Free-text object descriptions:
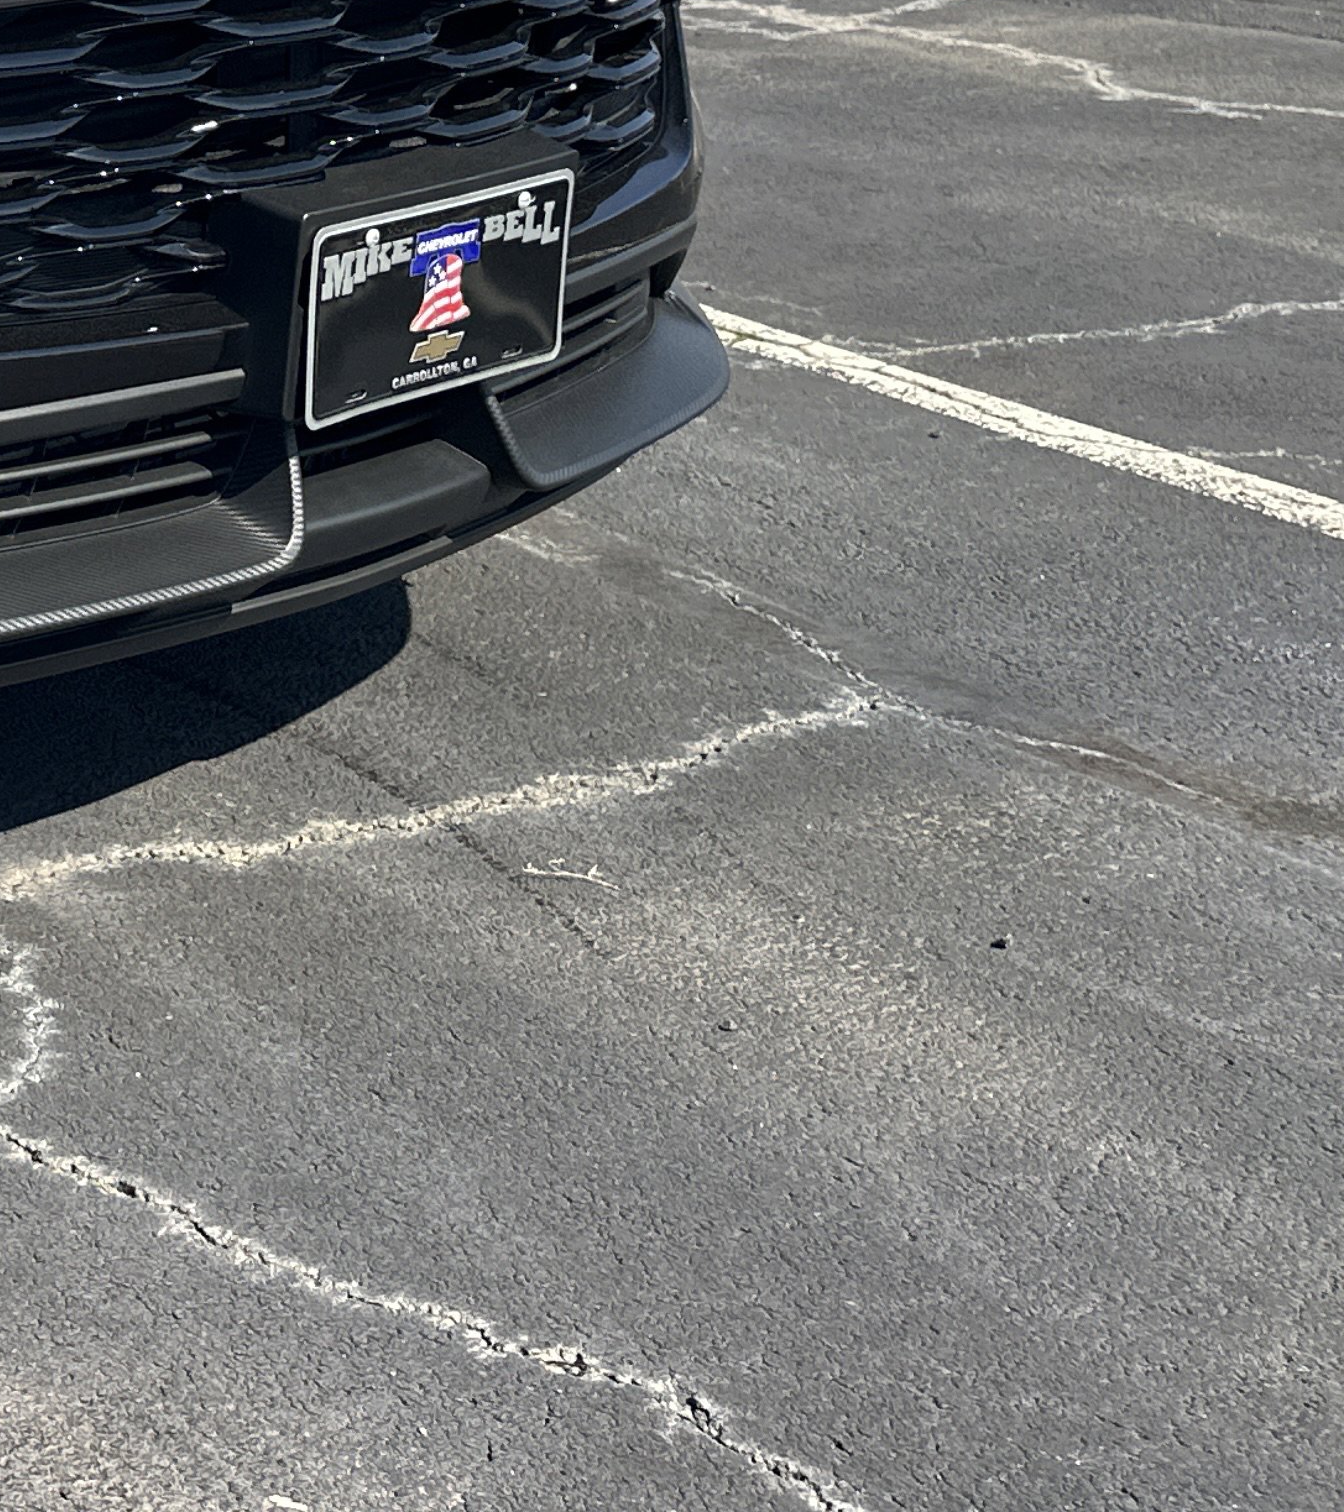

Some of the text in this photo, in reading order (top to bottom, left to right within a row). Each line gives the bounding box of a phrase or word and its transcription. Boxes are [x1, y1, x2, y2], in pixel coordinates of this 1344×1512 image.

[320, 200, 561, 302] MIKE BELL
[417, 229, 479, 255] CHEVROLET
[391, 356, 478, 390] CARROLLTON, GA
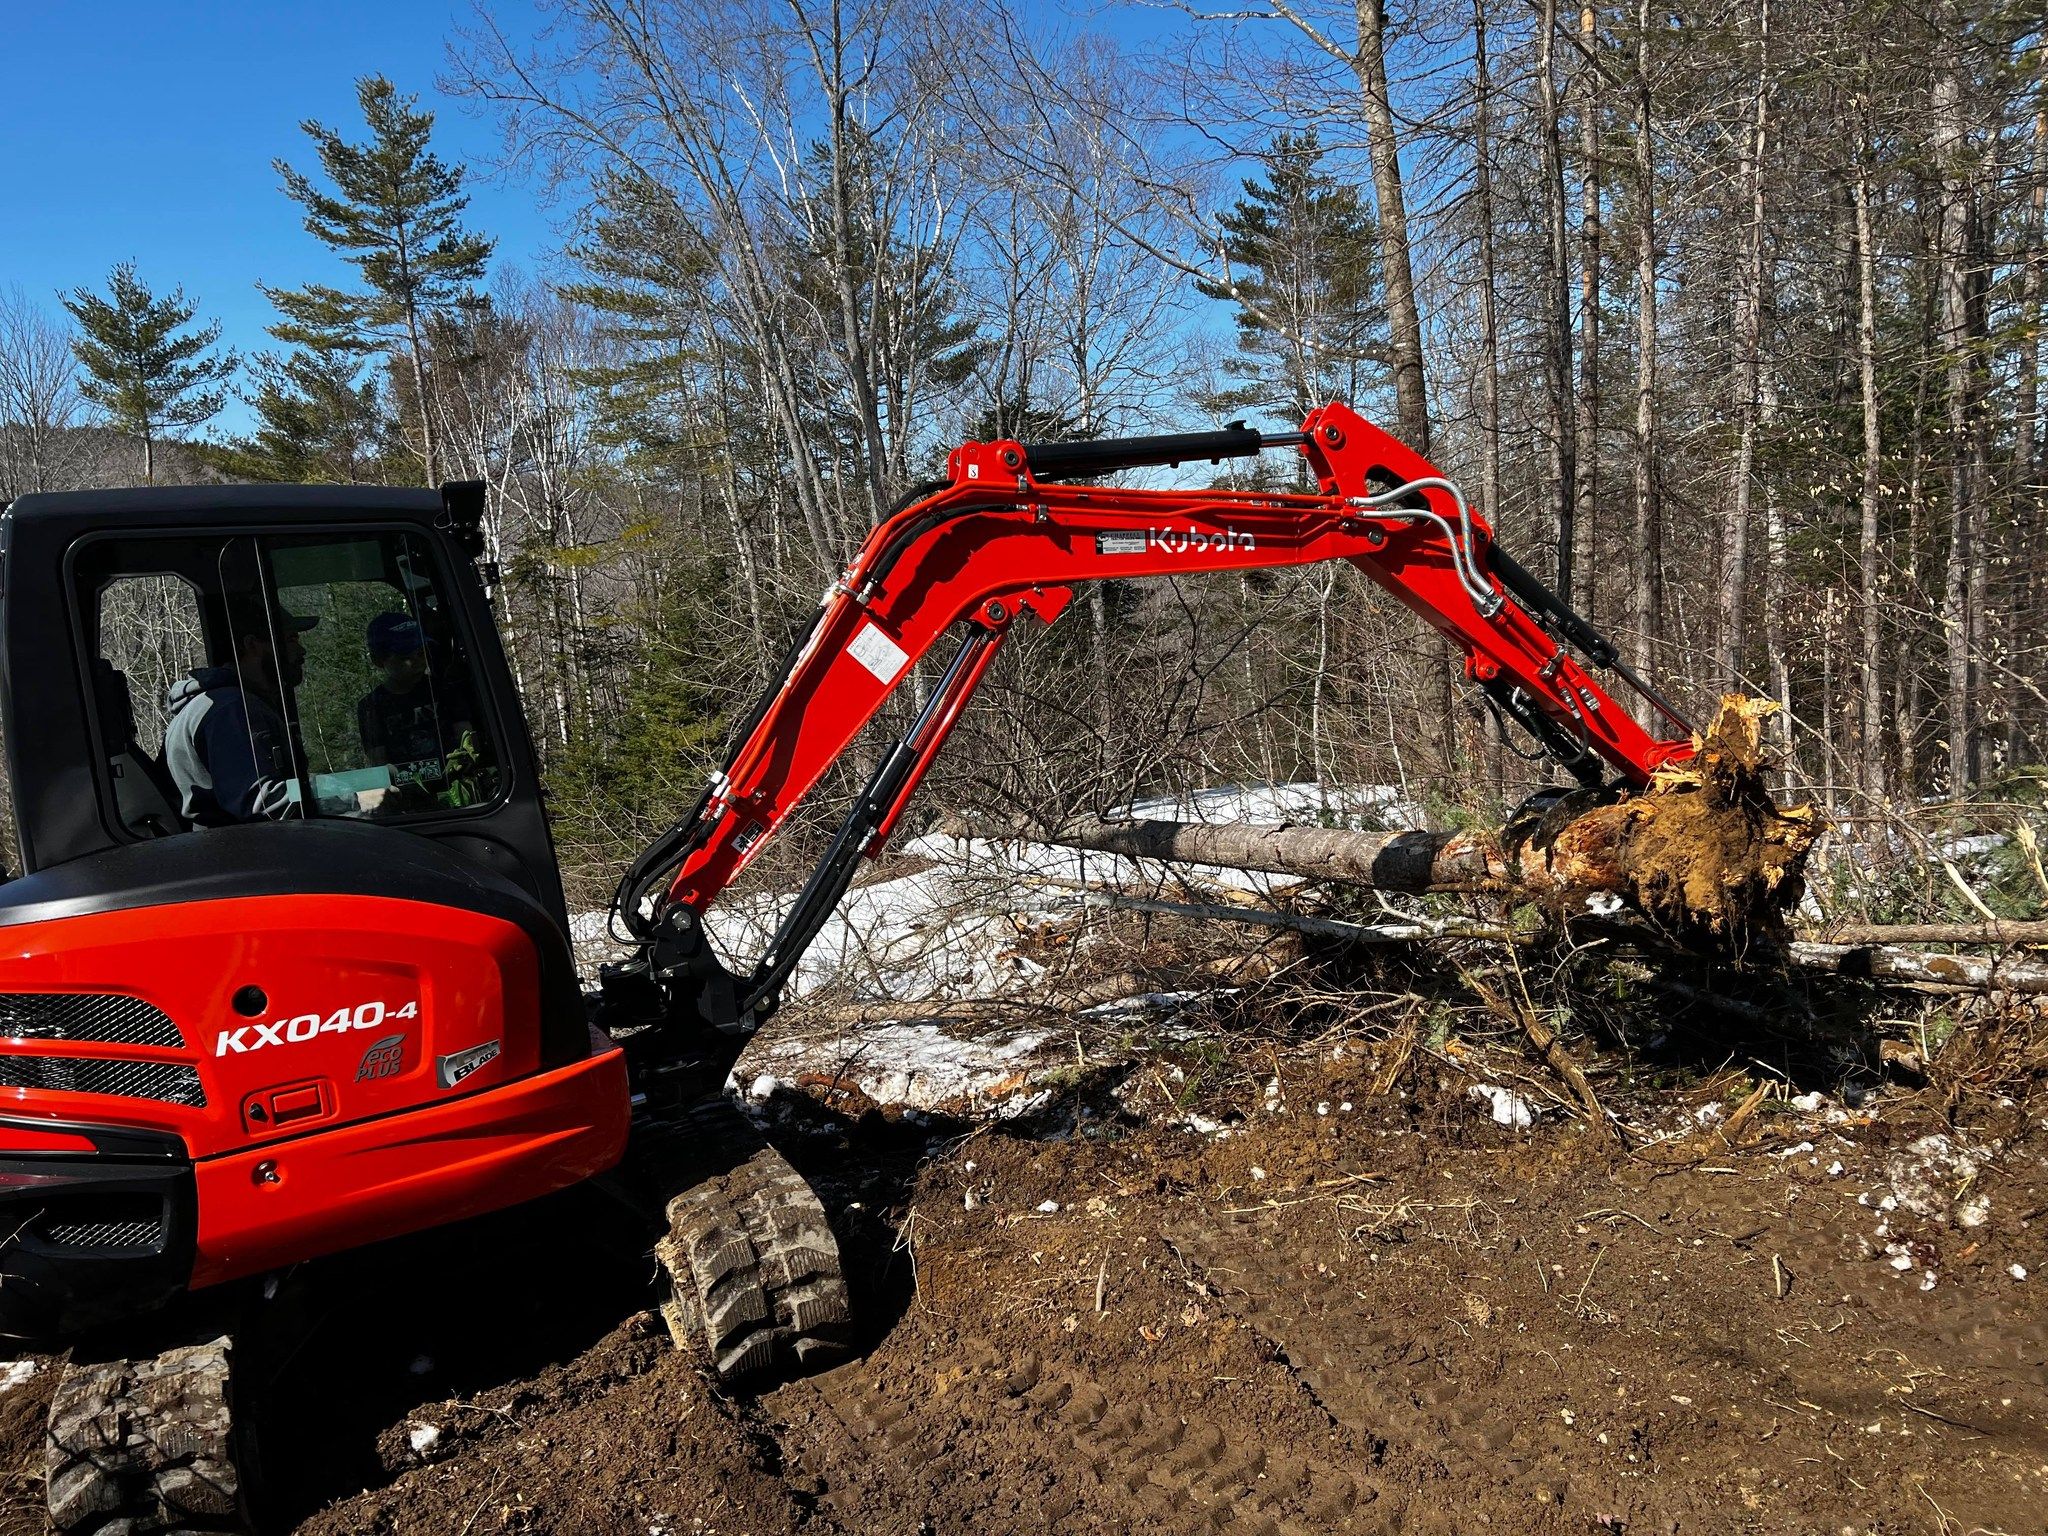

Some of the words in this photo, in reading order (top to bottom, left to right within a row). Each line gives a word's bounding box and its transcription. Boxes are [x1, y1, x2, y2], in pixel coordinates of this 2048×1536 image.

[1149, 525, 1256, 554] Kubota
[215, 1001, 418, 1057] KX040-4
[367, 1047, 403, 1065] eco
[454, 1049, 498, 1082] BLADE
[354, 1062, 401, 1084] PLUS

EXERCISE OBJECTIVE
Using the entries above, give again each line from the one containing "Some of the words" through the last line, exactly and only those.

TASK RESULT
Some of the words in this photo, in reading order (top to bottom, left to right within a row). Each line gives a word's bounding box and its transcription. Boxes are [x1, y1, x2, y2], in pixel coordinates of this 2048×1536 image.

[1149, 525, 1256, 554] Kubota
[215, 1001, 418, 1057] KX040-4
[367, 1047, 403, 1065] eco
[454, 1049, 498, 1082] BLADE
[354, 1062, 401, 1084] PLUS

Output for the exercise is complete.